Once the slab is released, snow and ice, along with the timber and rocks they dislodge, can tumble violently down a mountainside. Sometimes, barreling snow can create a powder cloud that can travel more then 180 mph and cause significant damage on its own. The debris will break your bones, and if you survive that the snow will often suffocate you in about 15 minutes.

This season, more than 20 people died in avalanches in the United States. I went into the mountains with avalanche specialists working to keep that from happening.

Nate Birdseye, an avalanche tech at the Steamboat ski resort, is standing at the top of a mountain, about to light an explosive. He tells me to plug my ears and open my mouth.

“You may get concussed,” he says, as he lights a fuse and hurls it over the cliff edge. Inside ski resorts, mitigation efforts like this make the terrain more hospitable and ultimately less dangerous for skiers, at least the ones who stay in bounds.

Long before the resort was flooded with guests that morning, with the day’s first light shining straight toward us, we had crowded into a warm ski patrol hut on the mountain, joined by Mudd, one of the team’s rescue dogs. It’s a rustic haven where the patrollers can get out of the cold.

Old ski maps are tacked to the walls like in a teenager’s dorm room, and vintage board games are stacked on a shelf.

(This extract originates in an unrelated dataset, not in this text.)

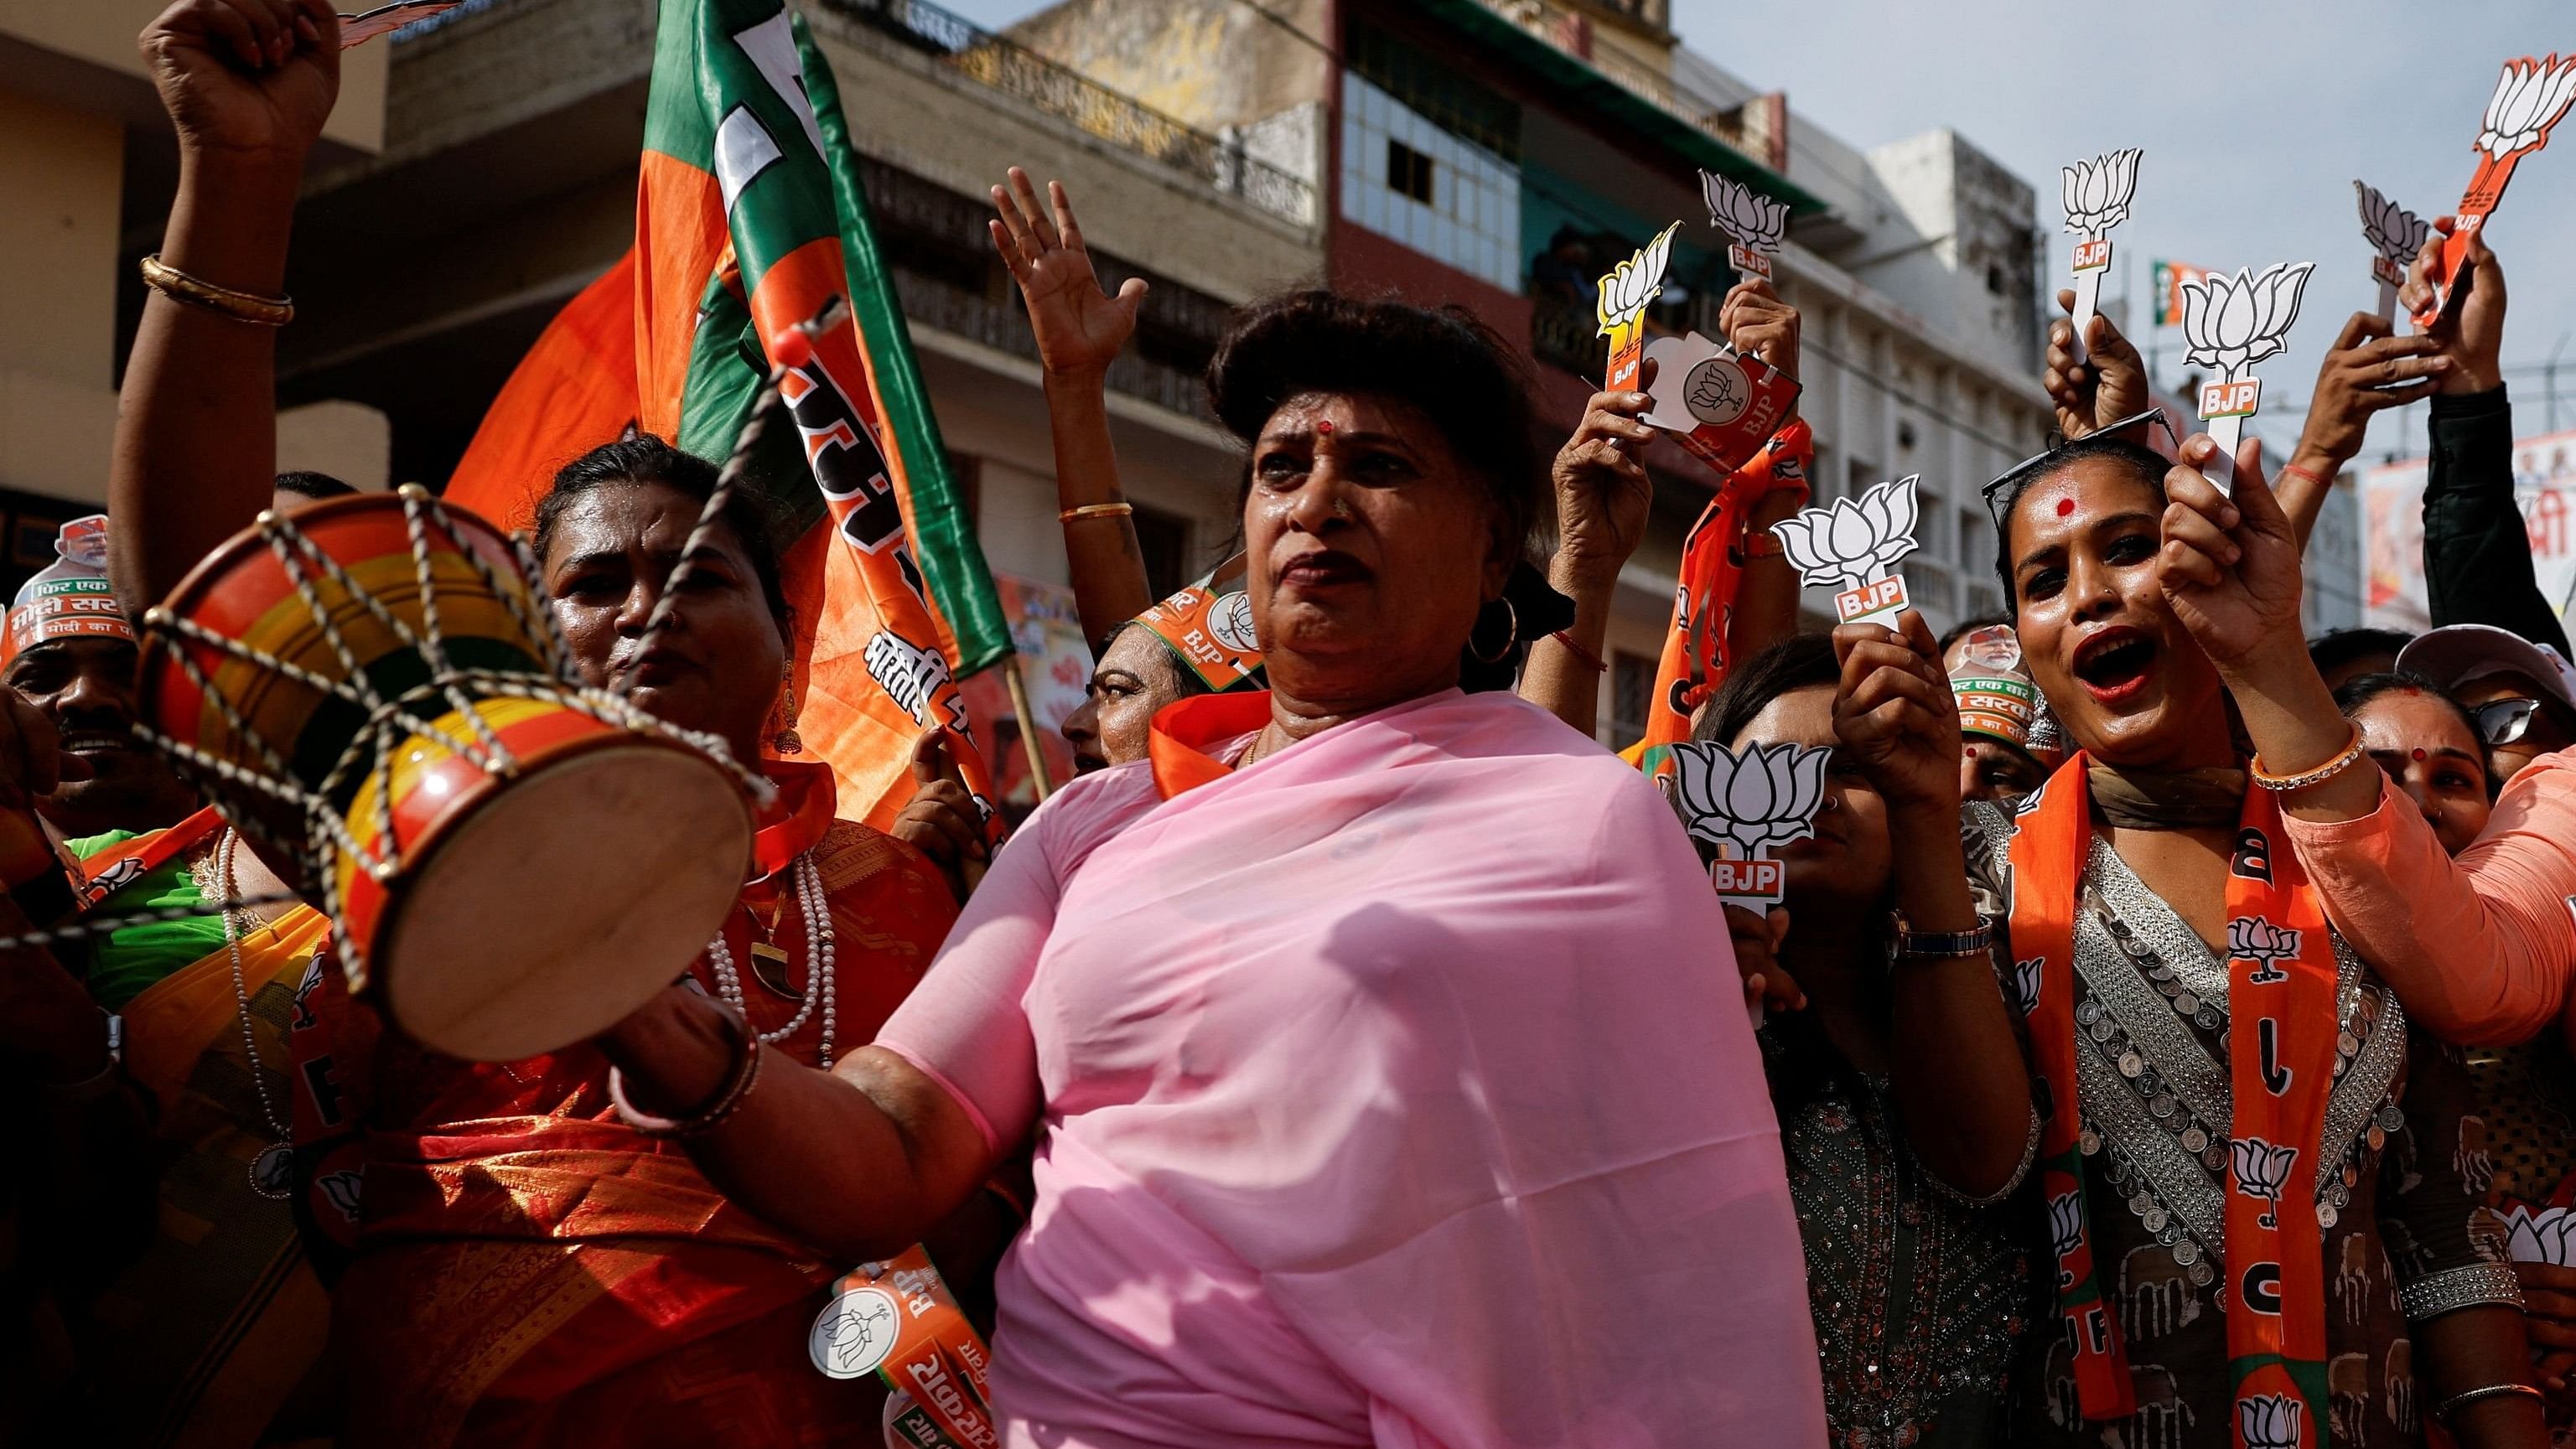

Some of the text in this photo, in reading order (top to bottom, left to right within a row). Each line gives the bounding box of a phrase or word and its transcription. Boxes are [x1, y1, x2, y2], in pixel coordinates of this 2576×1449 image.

There’s a common area that has a quaint black wood stove and a stack of wood, but there is no fire. Sharon Spiegel, a member of the ski patrol, says it’s best not to light the stove until we’re done preparing the explosives.

I follow Birdseye into the concrete basement, and he pulls an explosive about the size of a soup can from his backpack.

This isn’t the largest explosive Birdseye will toss, but it is enough to move a small, unstable snow slab before it can become a larger, more dangerous one. As he pulls out the fuses from another part of his backpack, he explains that the primary explosive is very stable, but the fuses have explosive caps on one end. If those caps were to ignite by themselves accidentally, it wouldn’t do much, but an accidental charge next to the explosive would make for an unwelcome surprise in his bag.

He steadily inserts the caps into the explosive. When the work is done we hurry up the stairs to a higher peak to release it before the resort opens the mountain for the day’s guests.

This unique mountain terrain and large population of people who spend time outdoors have always made Colorado a hot spot for avalanches — and the deaths they can cause. February is the peak of the winter season and also historically one of the deadliest for avalanches in the United States. This year wasn’t much different: After a series of large snowfalls out West, more people died in avalanches across the country during February than in the preceding three months.

Avalanches are common in the backcountry, but some this season have tumbled through ski resorts. In December, Steamboat had its largest in-bounds slab avalanche in almost two decades. In early February, an avalanche swept into a chair lift at Montana’s Big Sky Resort. A few days later, after 6 feet of snow fell in 36 hours at Mammoth Mountain in California’s Sierra Nevada, two ski patrollers who were working on avalanche mitigation were swept away; one died.

As winter sports became more popular in the second half of the 20th century, the number of people killed in avalanches increased steadily for decades. But over the past 10 to 15 years, even as more and more people ventured out, the number of deaths started to level out, said Ethan Greene, director of the Colorado Avalanche Information Center. (One notable exception was the winter of 2020-21, when the pandemic prompted an unprecedented surge in backcountry activities like hiking and skiing in areas not necessarily controlled by a ski area.)